オーストリア帝国領モラヴィアのイヴァンチツェ(チェコ語版、英語版)に生まれた[3]。ブルノ中学校に入り教会の聖歌隊となった。当時は音楽家を志したが、1875年に声が出なくなり志を諦める。コーラス・グループの仲間のひとりにレオシュ・ヤナーチェクがいた。夏休みに合唱隊の聖歌集の表紙を描くなど絵を得意とした。中学校を中退、地方裁判所で働く。19歳でウィーンに行き舞台装置工房で働きながら夜間のデッサン学校に通う。この頃、ハンス・マカルトの作品に触れ、多大な影響を受けた。2年後失業。1883年、ミクロフでクーエン・ブラシ伯爵に会い、その弟のエゴン伯爵がパトロンとなる。25歳のときエゴン伯爵の援助でミュンヘン美術院に入学、卒業し、28歳のときパリにてアカデミー・ジュリアンに通う。
彼の出世作は1895年、舞台女優サラ・ベルナールの芝居のために作成した『ジスモンダ』 (en:Gismonda) のポスターである。これはベルナールが年の瀬に急遽ポスターを発注することにしたが、主だった画家が休暇でパリにおらず、印刷所で働いてたミュシャに飛び込みで依頼したものだった。威厳に満ちた人物と、細部にわたる繊細な装飾からなるこの作品は、当時のパリにおいて大好評を博し、文字通り一夜にして彼のアール・ヌーヴォーの旗手としての地位を不動のものとした。またサラ・ベルナールにとっても、この『ジスモンダ』が、フランス演劇界の女王として君臨するきっかけとなった[4]。その後もミュシャは「椿姫」、「メディア」、「ラ・プリュム」、「トスカ」など、サラ・ベルナールのポスターを制作している。
サラ・ベルナールの他、煙草用巻紙(JOB社)、シャンパン(モエ・エ・シャンドン社)、自転車(ウェイバリー自転車)などの多くのポスターの制作をおこなっている。これらは女性と様式化された装飾の組み合わせが特徴的である。特に1896年に制作されたJOB社のポスターは大変人気があり、コレクター用に小型判が作られている[5]。

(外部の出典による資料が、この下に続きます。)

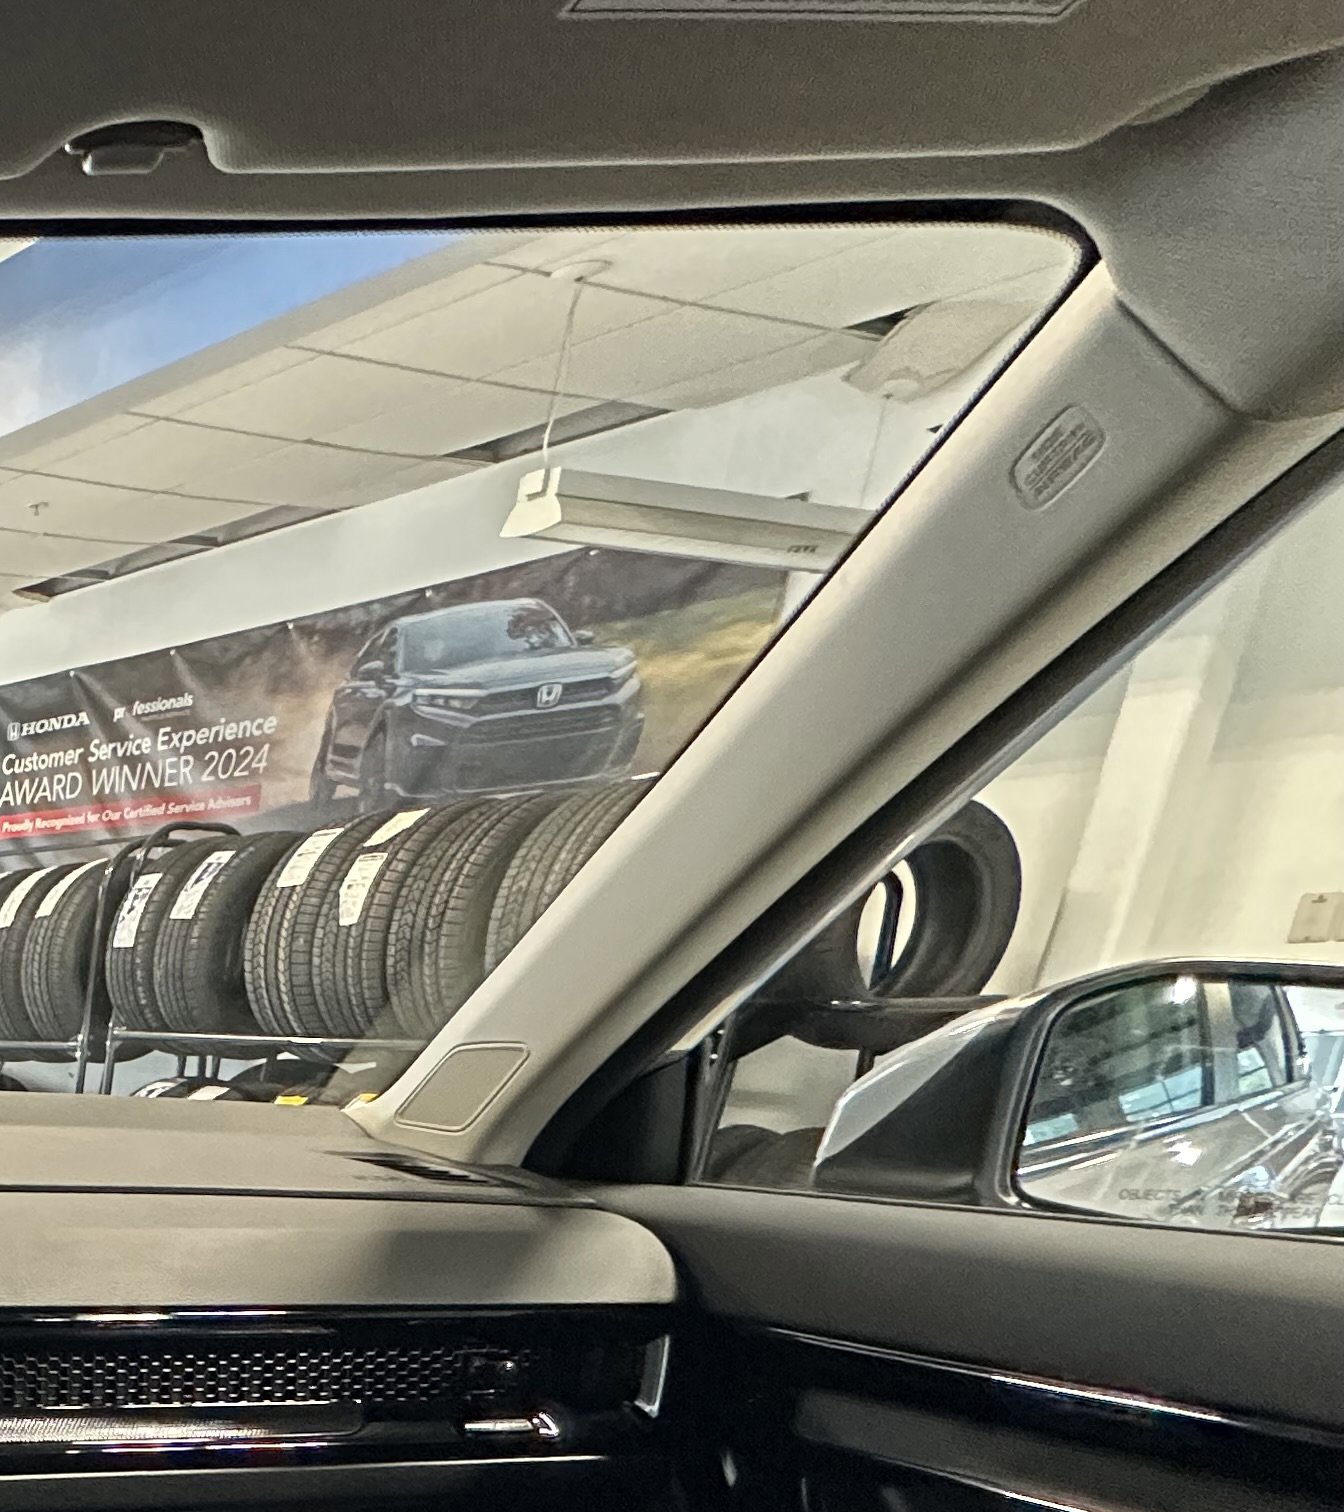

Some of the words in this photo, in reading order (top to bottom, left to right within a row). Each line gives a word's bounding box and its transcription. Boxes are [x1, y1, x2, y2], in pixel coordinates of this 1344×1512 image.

[1, 748, 84, 776] Customer
[87, 734, 153, 763] Service
[157, 715, 278, 753] Experience
[21, 711, 91, 737] HONDA
[92, 754, 195, 796] WINNER
[201, 743, 270, 783] 2024
[1, 818, 34, 835] Proudly
[35, 811, 86, 831] Recognized
[86, 810, 100, 825] for
[102, 808, 122, 821] Our
[123, 803, 165, 820] Certified
[167, 800, 206, 816] Service
[207, 795, 252, 811] Advisors
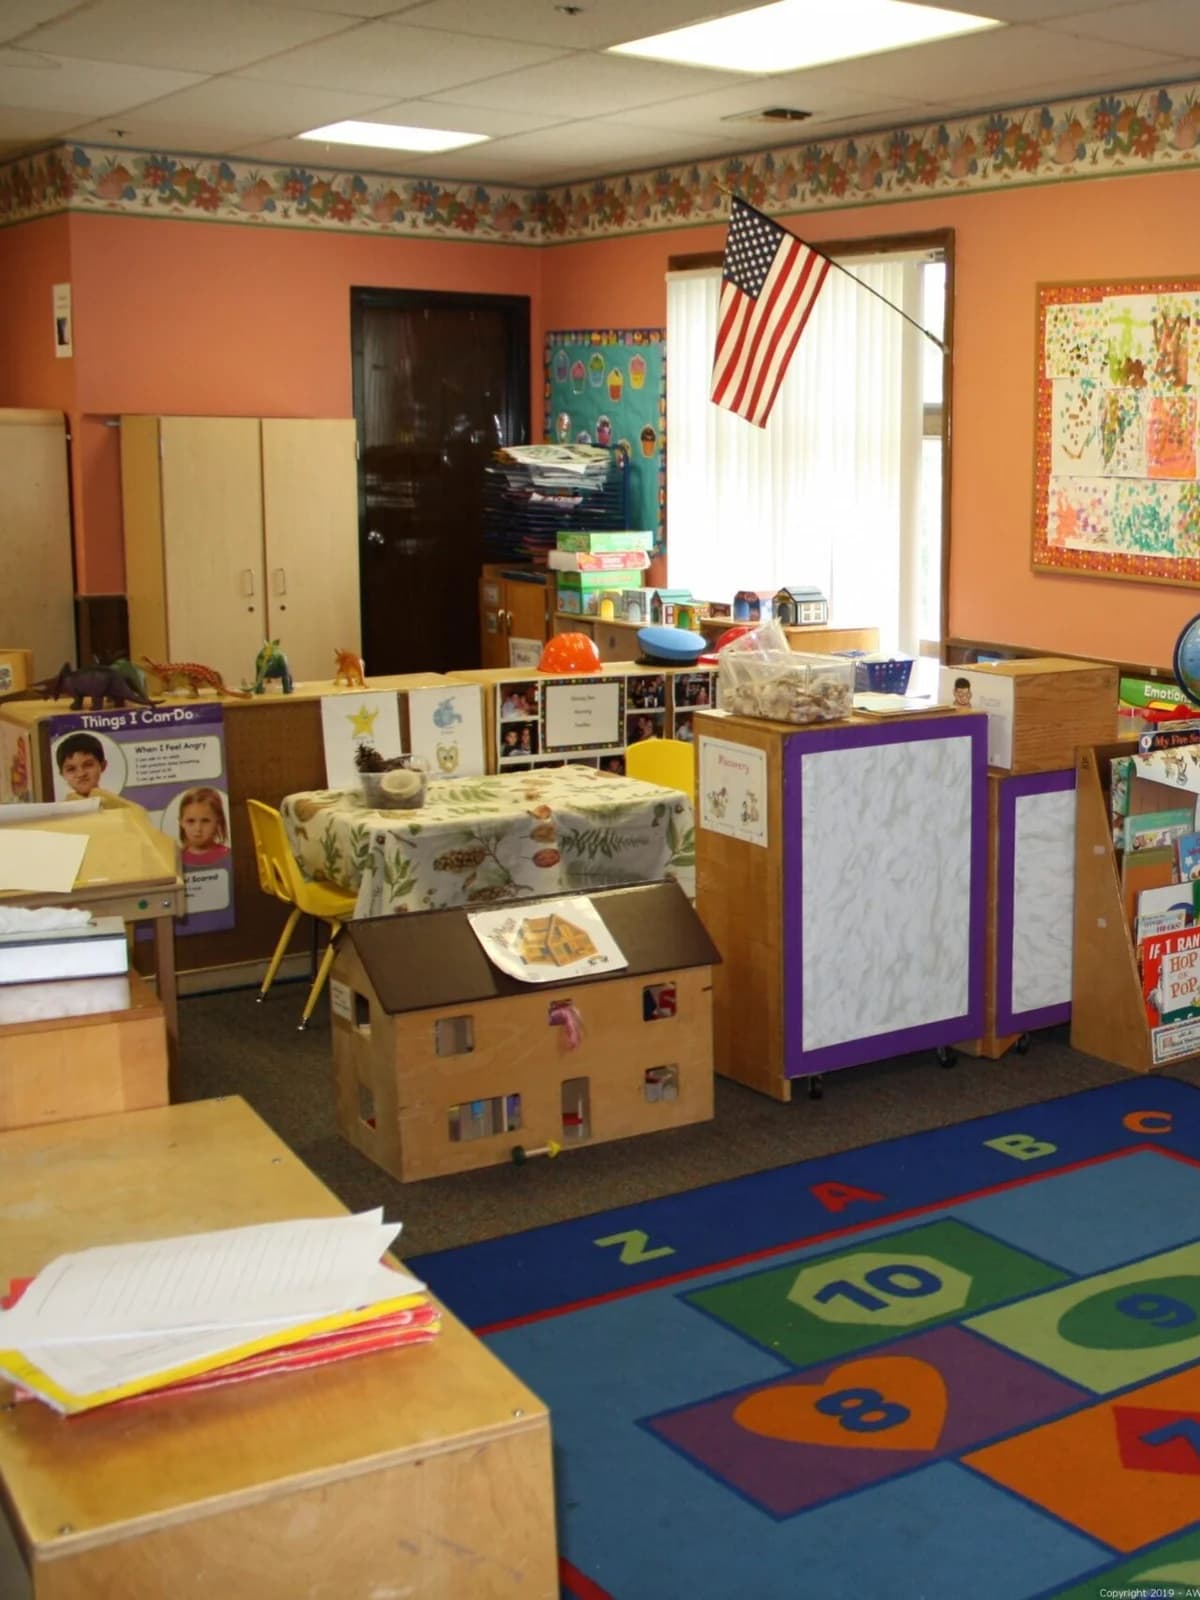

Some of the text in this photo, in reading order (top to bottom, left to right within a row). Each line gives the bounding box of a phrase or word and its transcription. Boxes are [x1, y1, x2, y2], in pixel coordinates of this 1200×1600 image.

[1143, 684, 1192, 704] Emotion
[80, 708, 194, 731] Things I Can Do
[1156, 735, 1169, 748] My
[1149, 942, 1161, 961] IF
[1177, 932, 1200, 953] RAN
[1169, 951, 1199, 974] HOP
[1169, 976, 1199, 999] POP
[1122, 1110, 1173, 1134] C
[983, 1133, 1058, 1161] B
[809, 1180, 888, 1213] A
[813, 1264, 943, 1312] 10
[1114, 1293, 1198, 1329] 9
[813, 1387, 911, 1433] 8
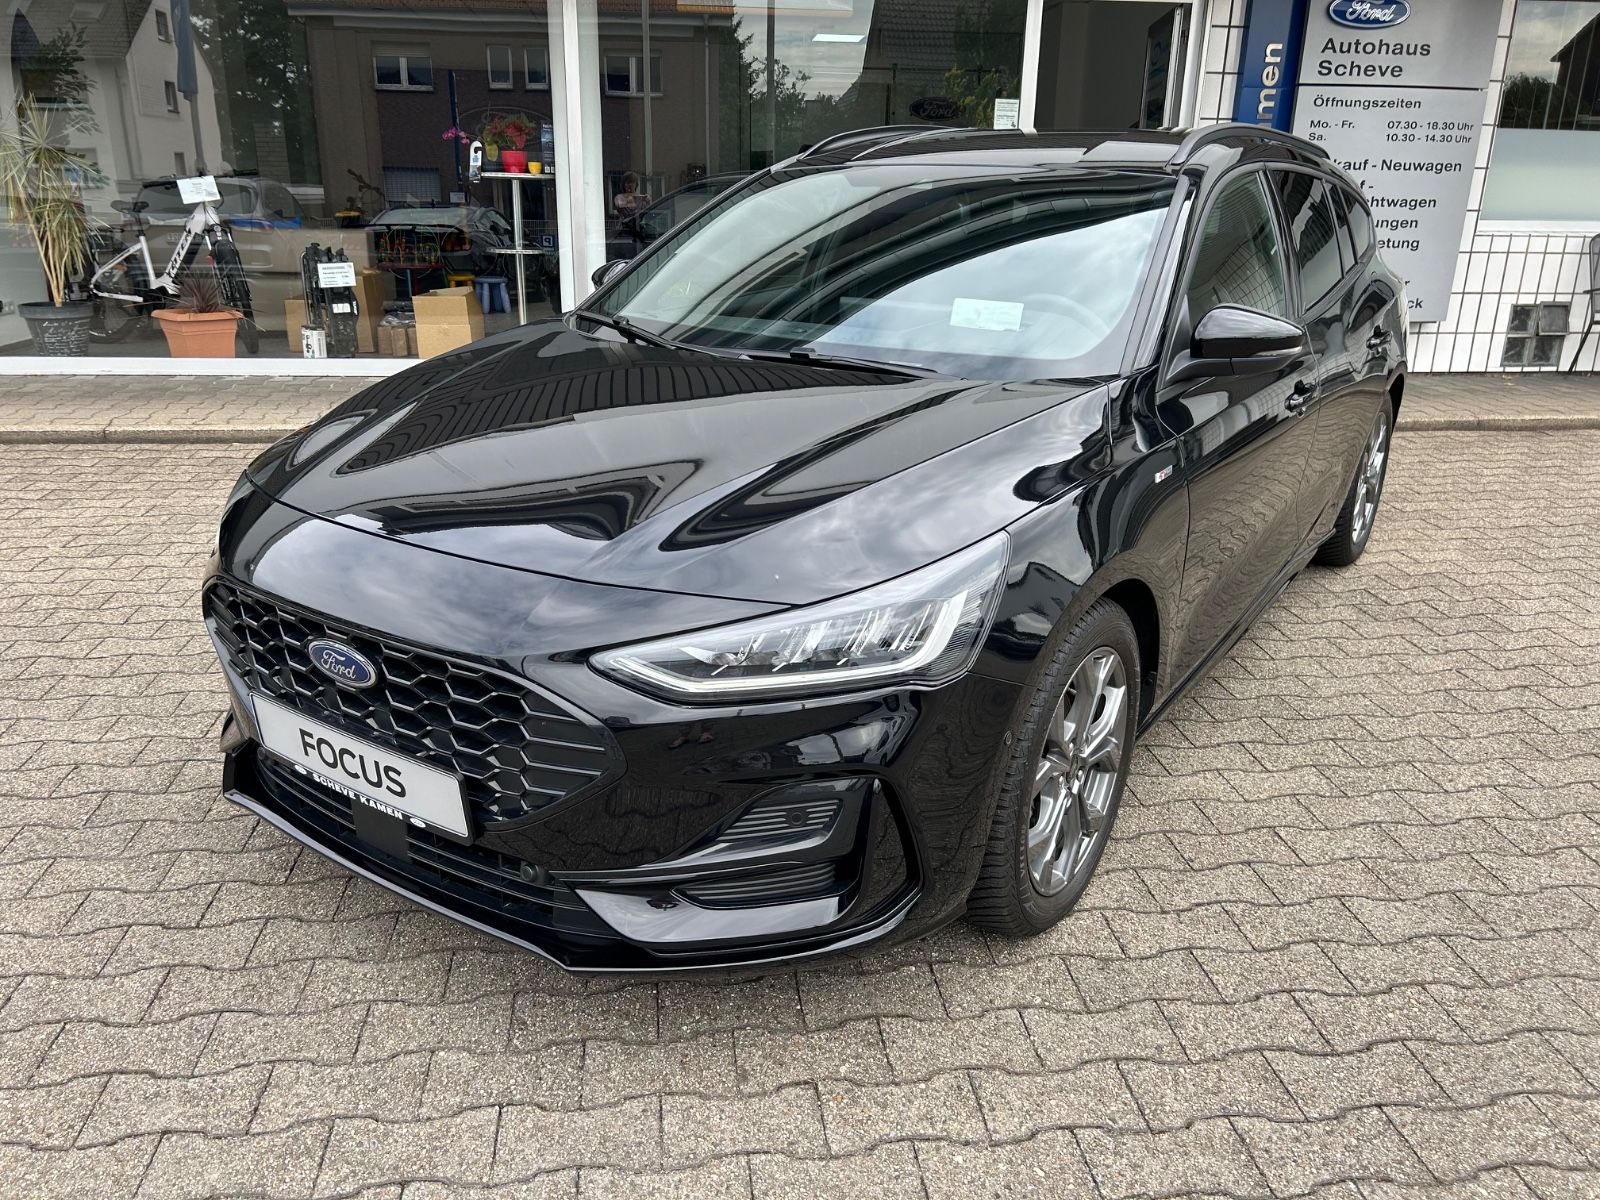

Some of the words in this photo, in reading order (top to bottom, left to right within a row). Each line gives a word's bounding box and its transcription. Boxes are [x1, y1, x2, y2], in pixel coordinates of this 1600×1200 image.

[1345, 0, 1397, 22] Ford
[1321, 37, 1431, 56] Autohaus
[1317, 59, 1403, 78] Scheve
[1313, 94, 1422, 110] Öffnungszeiten
[1309, 119, 1332, 129] Mo.
[1341, 119, 1355, 129] Fr.
[1387, 120, 1418, 130] 07.30
[1426, 121, 1455, 131] 18.30
[1457, 122, 1475, 132] Uhr
[1308, 132, 1327, 141] Sa.
[1385, 133, 1416, 142] 10.30
[1425, 134, 1453, 143] 14.30
[1455, 135, 1472, 144] Uhr
[1380, 159, 1462, 174] Neuwagen
[1367, 196, 1437, 211] htwagen
[1378, 238, 1420, 251] etung
[321, 650, 356, 679] Ford
[298, 727, 407, 798] FOCUS
[312, 773, 356, 800] SCHEVE
[360, 794, 403, 820] KAMEN

ポスターに並び、装飾パネルも数多く手がけている。2点ないし4点のセットの連作が多く、いずれも女性の姿を用いて様々な寓意を表現している。代表的な作品には以下のようなものがある。
- 装飾パネル連作『四季』(1896)
- 『春』
- 『夏』
- 『秋』
- 『冬』
また、挿画本分野の作品も手掛けている。
パリでの初期苦闘時代、ミュシャは雑誌の挿絵によって生計を立てていたが、次第に認められ、パリの大出版社、アルマン・コランの挿画家として活躍するようになる。東洋的な情景をドラマチックに描き、高い評価を得た「白い象の伝説」、33点の木版画が挿入され、挿画家としての名声を高めた「ドイツ歴史の諸場面とエピソード」も、同社から出版された作品である。
代表的な作品には、年代順に以下のようなものがある。
- 『白い象の伝説』(1894年) 木版画
- 『ドイツ歴史の諸場面とエピソード』(1896年) 木版画
- 『トリポリの姫君イルゼ』(1897年) リトグラフ
- 『アダミテ』(1897年) 木版画/フォトレリーフプリント
- 『ラマ』(1898年) リトグラフ
- 『主の祈り』(1899年) リトグラフ/版画集
- 『クリオ』(1900年) リトグラフ
- 『UTOK MORE』(1922年) プリント
- 『ANDELICEK Z BAROKU』(1929年) プリント/サイン入200部有
宗教的思想に裏付けられた文学的解釈、それを美へと昇華する芸術力。挿画本分野において、ミュシャは独自の、そして輝かしい業績を残している。
アメリカの富豪チャールズ・クレーン(英語版)から金銭的な援助を受けることに成功し、財政的な心配のなくなったミュシャは1910年、故国であるチェコに帰国し、20点の絵画から成る連作『スラヴ叙事詩』を制作する[6]。
。この一連の作品はスラヴ語派の諸言語を話す人々が古代は統一民族であったという近代の空想「汎スラヴ主義」を基にしたもので、この空想上の民族「スラヴ民族」の想像上の歴史を描いたものである。スメタナの連作交響詩『わが祖国』を聴いたことで、構想を抱いたといわれ、完成までおよそ20年を要している。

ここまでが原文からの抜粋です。